Nella dichiarazione sostitutiva dell'atto di notorieta' devono essere
altresi' contenuti almeno i seguenti elementi: denominazione albo, n.
di matricola e data della prima iscrizione.
3. I produttori che hanno richiesto l'iscrizione all'albo con
l'allegato C al mod. B1 o con il modulo A di cui al decreto del
Presidente della Repubblica n. 506/1967 entro i successivi trenta
giorni dalla pubblicazione del presente decreto, contestualmente alla
denuncia delle uve richiedono l'iscrizione provvisoria all'albo,
presentando copia dei rispettivi modelli.

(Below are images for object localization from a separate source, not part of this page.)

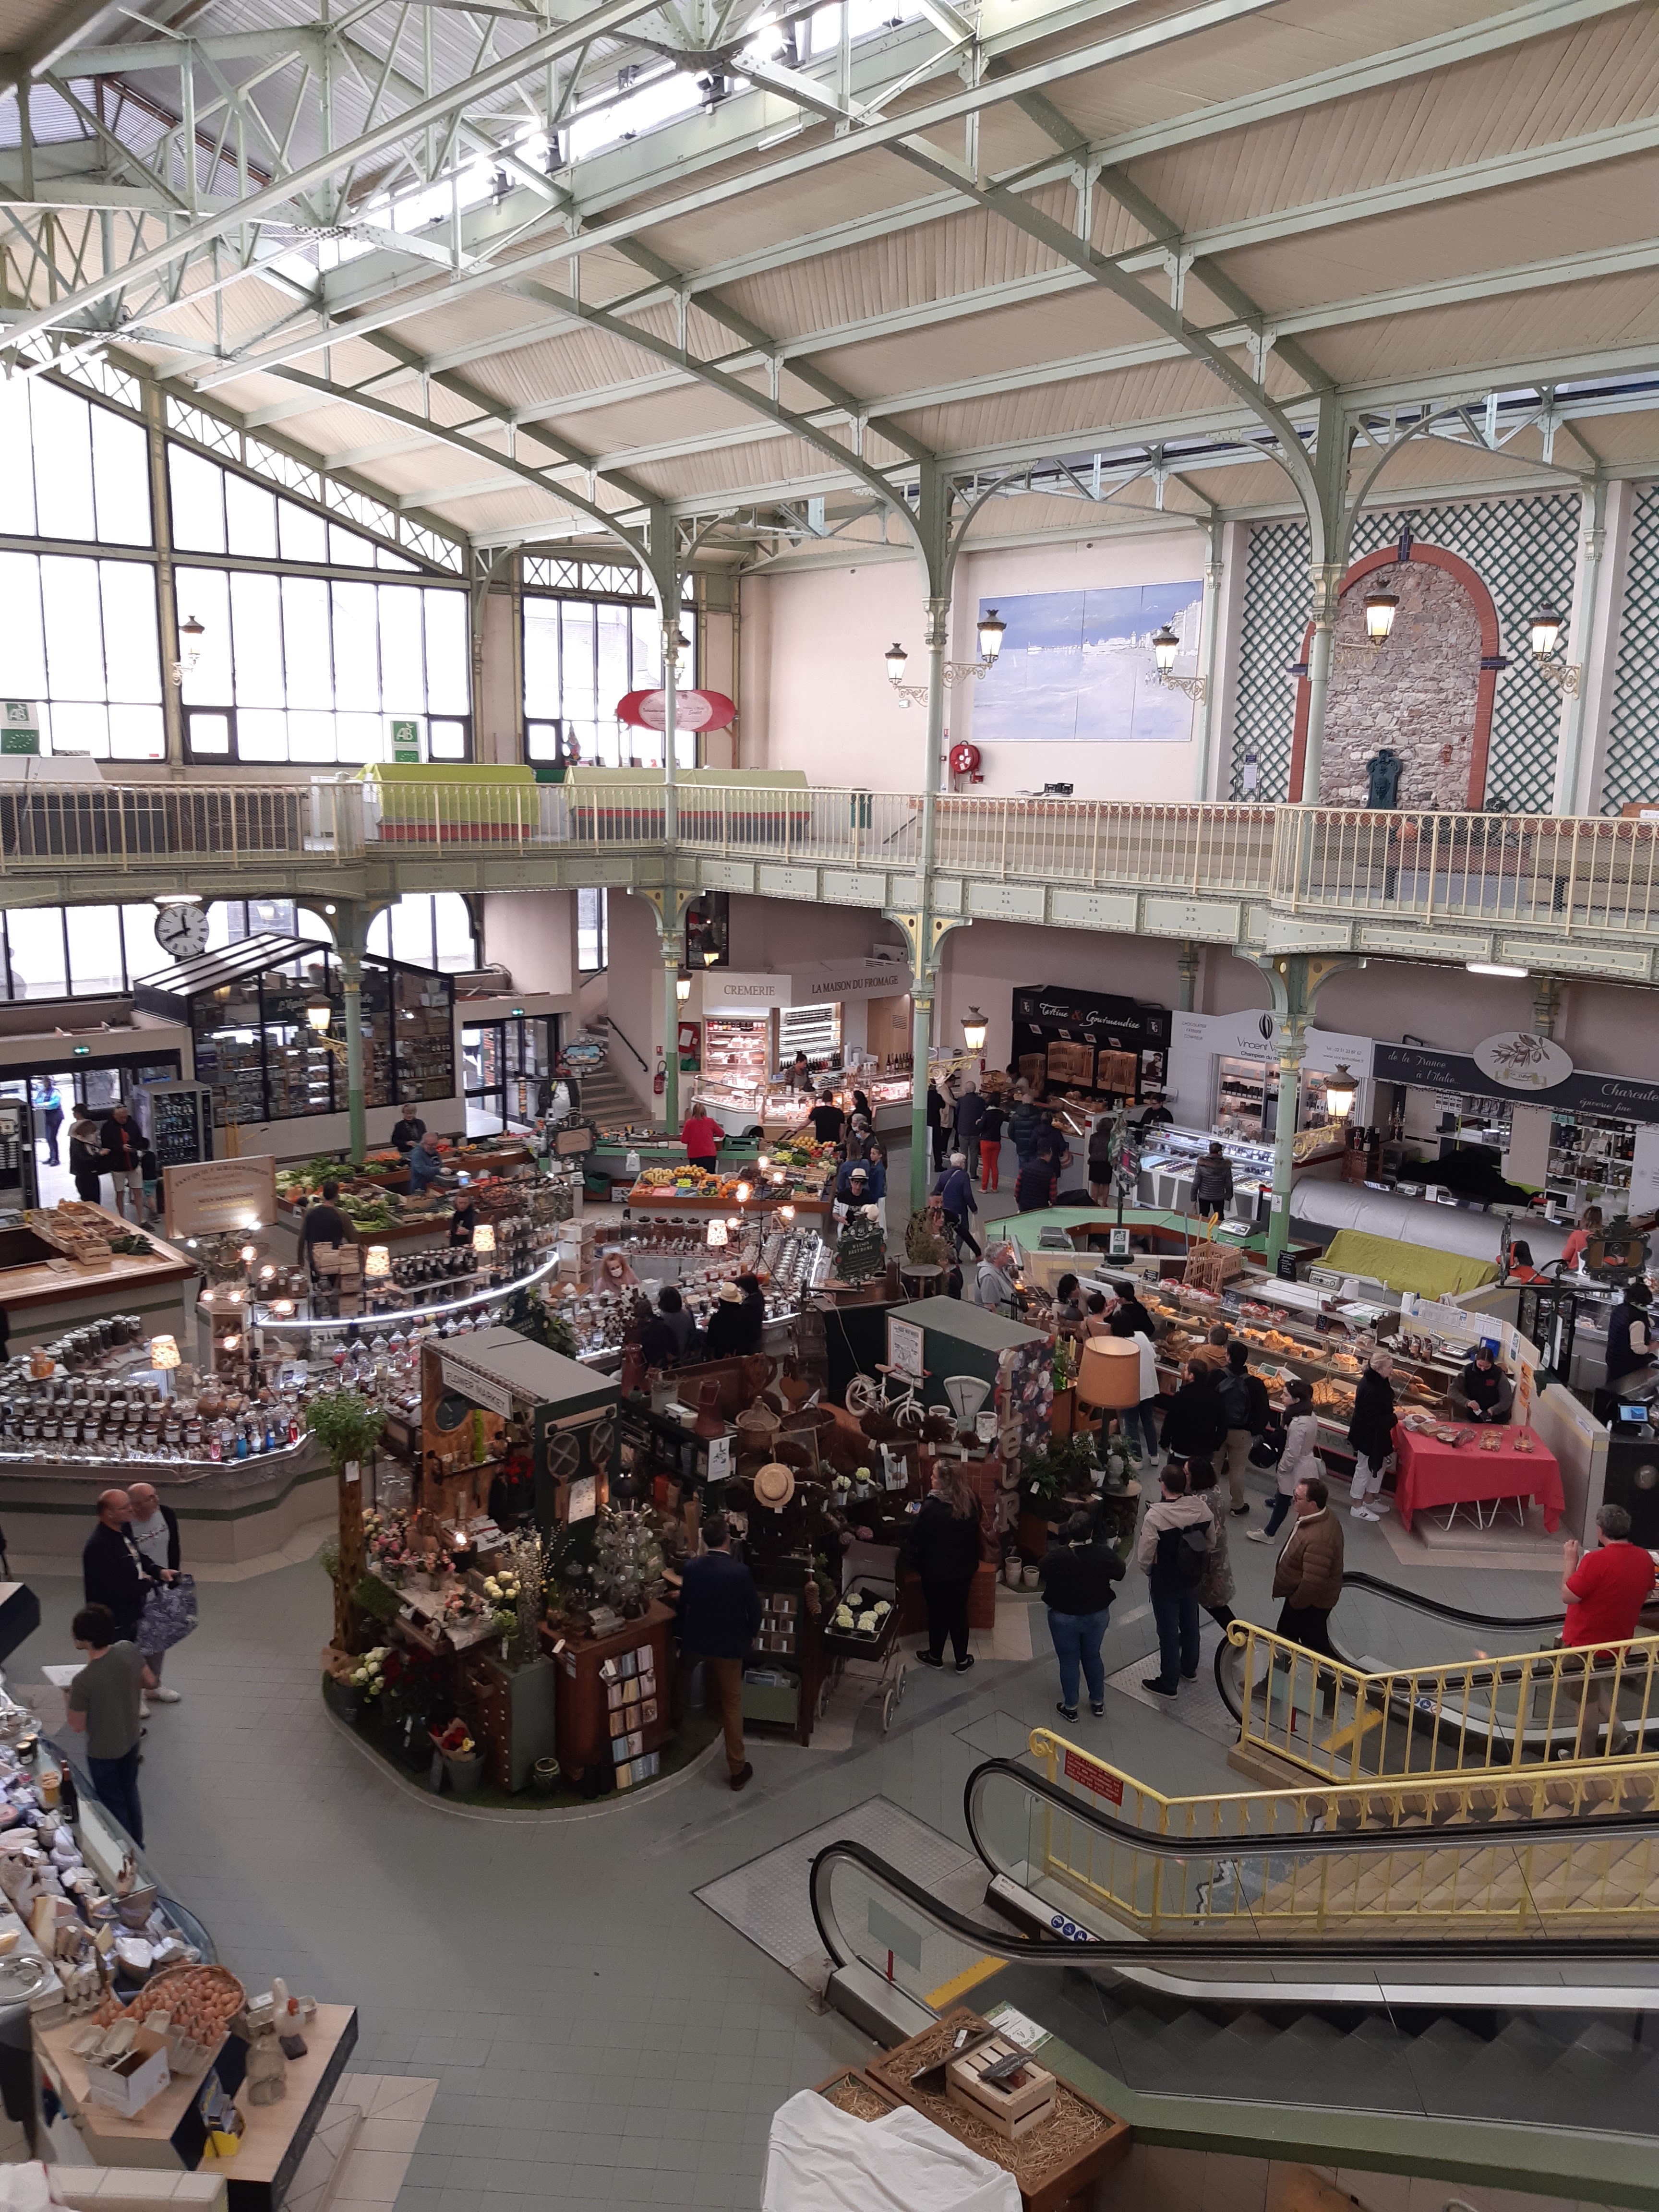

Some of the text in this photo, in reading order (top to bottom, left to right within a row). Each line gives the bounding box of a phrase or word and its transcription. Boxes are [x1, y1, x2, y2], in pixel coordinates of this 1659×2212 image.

[724, 985, 775, 996] CREMERIE
[812, 975, 899, 994] LA MAISON DU FROMAGE
[1039, 1003, 1141, 1029] Tartine & Gourmandise
[1237, 1036, 1267, 1050] Vincent
[1240, 1050, 1265, 1058] Champion
[1388, 1050, 1446, 1068] de la France
[1579, 1098, 1632, 1113] épicerie fine
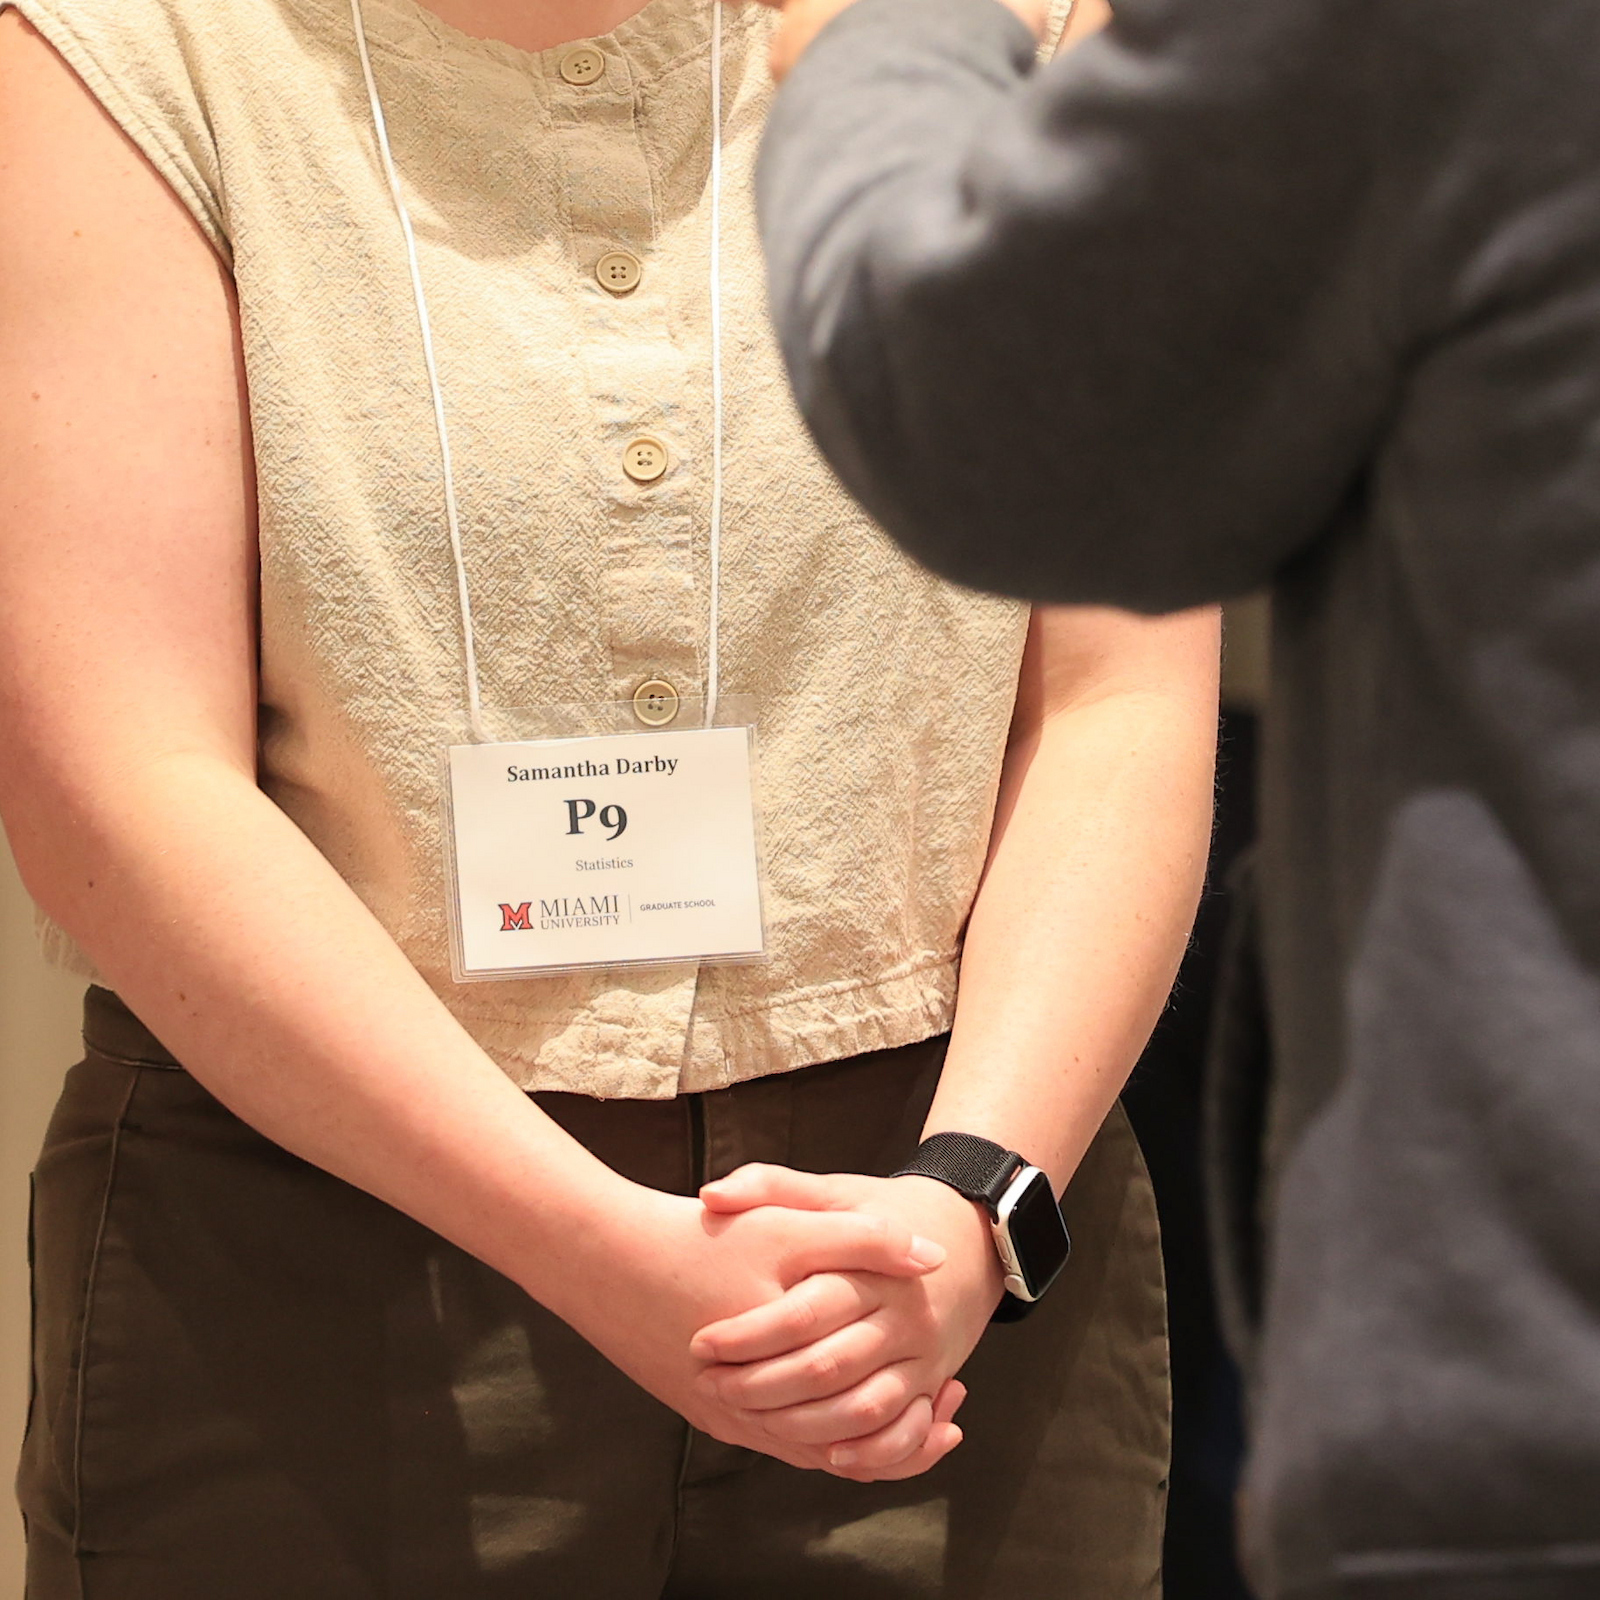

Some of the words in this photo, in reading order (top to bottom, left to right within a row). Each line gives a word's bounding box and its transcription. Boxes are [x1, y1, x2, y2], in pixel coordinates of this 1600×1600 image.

[507, 759, 609, 783] Samantha
[616, 755, 679, 776] Darby
[563, 798, 628, 841] P9
[575, 857, 634, 872] Statistics
[540, 894, 620, 918] MIAMI
[640, 901, 683, 912] GRADUATE
[684, 899, 716, 910] SCHOOL
[540, 915, 620, 930] UNIVERSITY
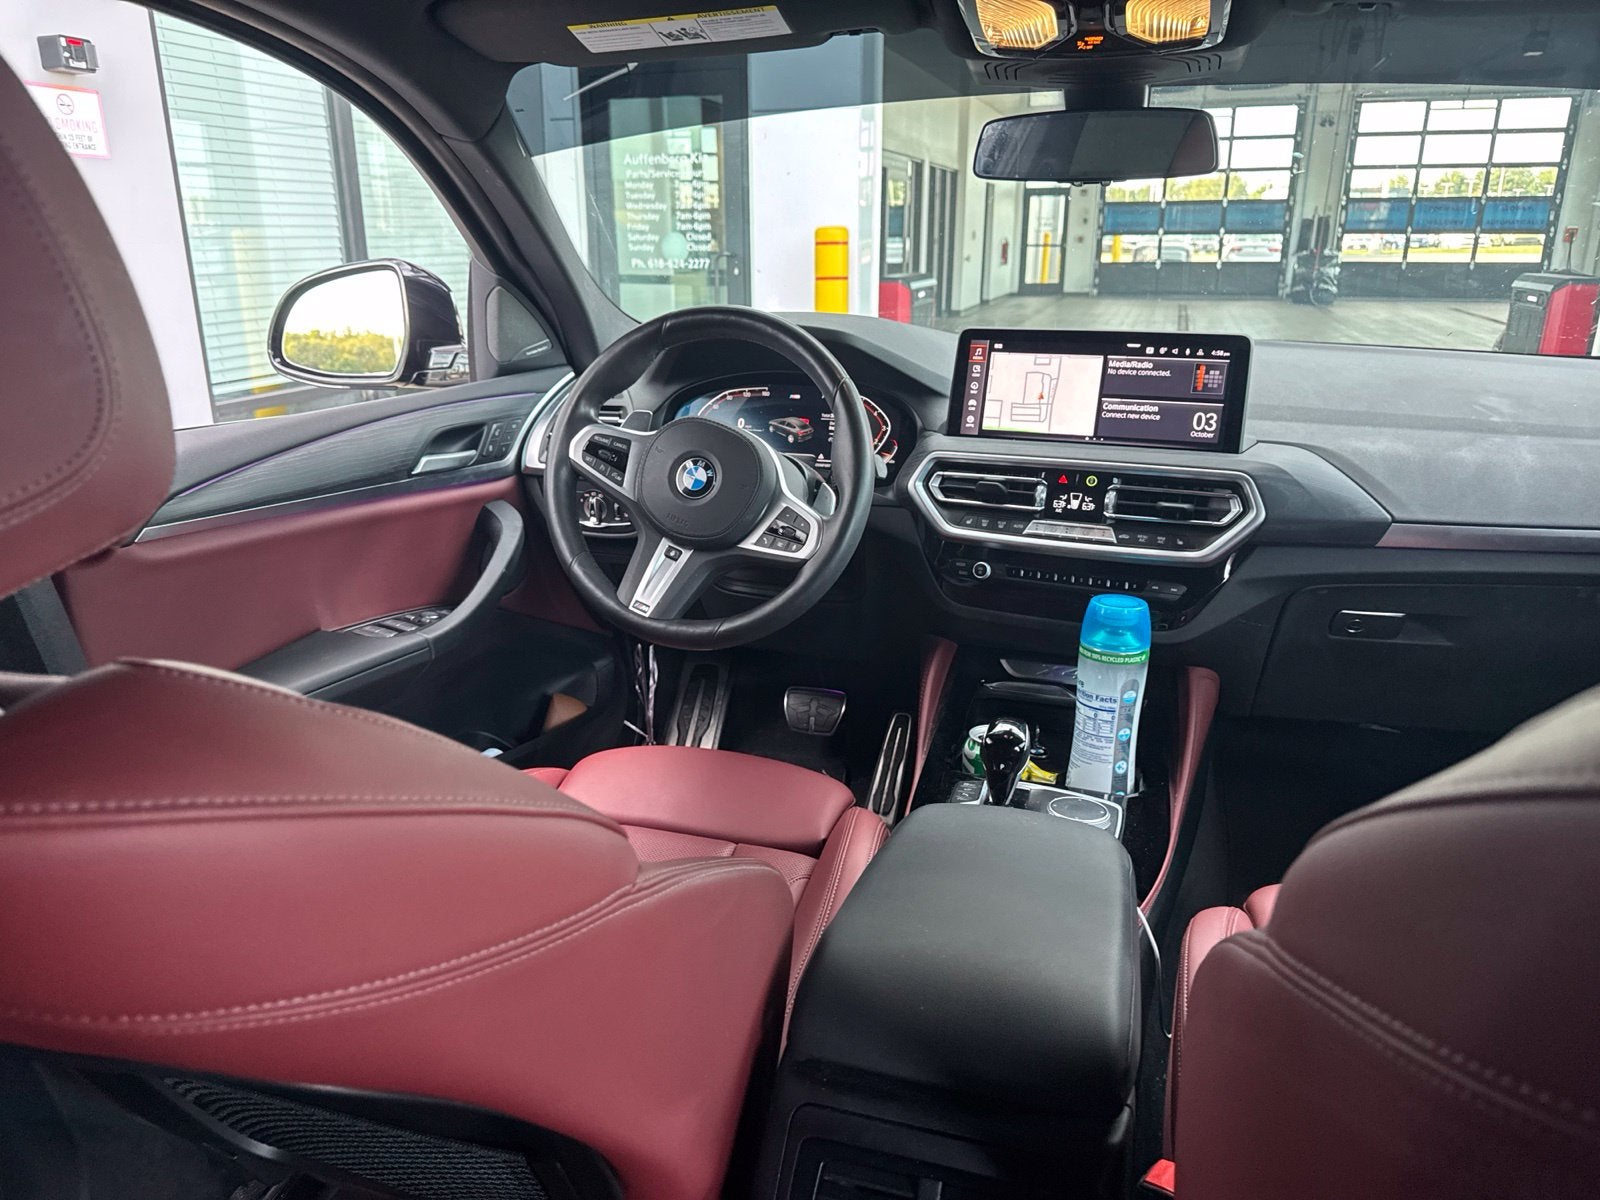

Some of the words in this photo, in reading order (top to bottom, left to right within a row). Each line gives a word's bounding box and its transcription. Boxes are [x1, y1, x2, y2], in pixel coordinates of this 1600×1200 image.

4. I produttori che, successivamente al settembre 2000, hanno
esercitato diritti di reimpianto e hanno iscritto tali superfici
vitate agli albi con la modulistica di cui al decreto del Presidente
della Repubblica n. 506/1967, o i produttori che hanno richiesto
l'iscrizione all'albo per nuove DOC o DOCG, utilizzando in entrambi i
casi per il calcolo delle superfici i criteri del decreto
ministeriale 26 luglio 2000, nella denuncia delle uve indicano le
superfici iscritte agli albi camerali.
5. Nel caso in cui la superficie dichiarata all'atto della denuncia
delle uve evidenzi uno scostamento, rispetto alla superficie gia'
iscritta nell'albo, tale da modificare l'assetto della composizione
varietale, la Camera di commercio procedera' a rendere provvisoria
l'iscrizione nell'albo.
6. Nei casi in cui il conduttore abbia dichiarato, tramite il
modello di cui al decreto del Presidente della Repubblica n.
506/1967, l'avvenuta estirpazione di unita' vitate precedentemente
dichiarate nel mod. B1, nella dichiarazione sostitutiva dell'atto di
notorieta' di cui al precedente comma 2 dovra' indicare la superficie
risultante a seguito dell'avvenuta estirpazione.
7. Tutti i cambi di conduzione, totali e riferibili a singole
unita' vitate gia' dichiarate con mod. B1, avvenuti dopo il settembre
2000 devono risultare da dichiarazione sostitutiva dell'atto di
notorieta', da presentare contestualmente alla denuncia delle uve.
Alla predetta dichiarazione deve essere allegato il mod. B1
presentato dal precedente conduttore, ovvero nella stessa
dichiarazione devono essere indicati i riferimenti del mod. B1 in
questione.
8. Al termine della campagna vendemmiale la Camera di commercio
provvedera' a trasmettere alla regione tutte le iscrizioni
provvisorie registrate.

Art. 4.
Disposizioni particolari
1. Nelle regioni Piemonte e Valle d'Aosta e nelle province autonome
di Bolzano e Trento che hanno realizzato la dichiarazione delle
superfici vitate con una procedura autonoma regolata da apposita
convenzione con l'AGEA, la rivendicazione delle produzioni dei vini
DOCG, DOC e IGT, per la campagna vendemmiale 2002/2003, e' effettuata
sulla base delle superfici iscritte negli appositi albi ed elenchi.
Il presente decreto sara' pubblicato nella Gazzetta Ufficiale della
Repubblica italiana ed entrera' in vigore il giorno dopo la sua
pubblicazione.
Roma, 9 agosto 2002
Il Ministro: Alemanno


Il testo di questo provvedimento non riveste carattere di ufficialità e non è sostitutivo in alcun modo della pubblicazione ufficiale cartacea. La consultazione e' gratuita.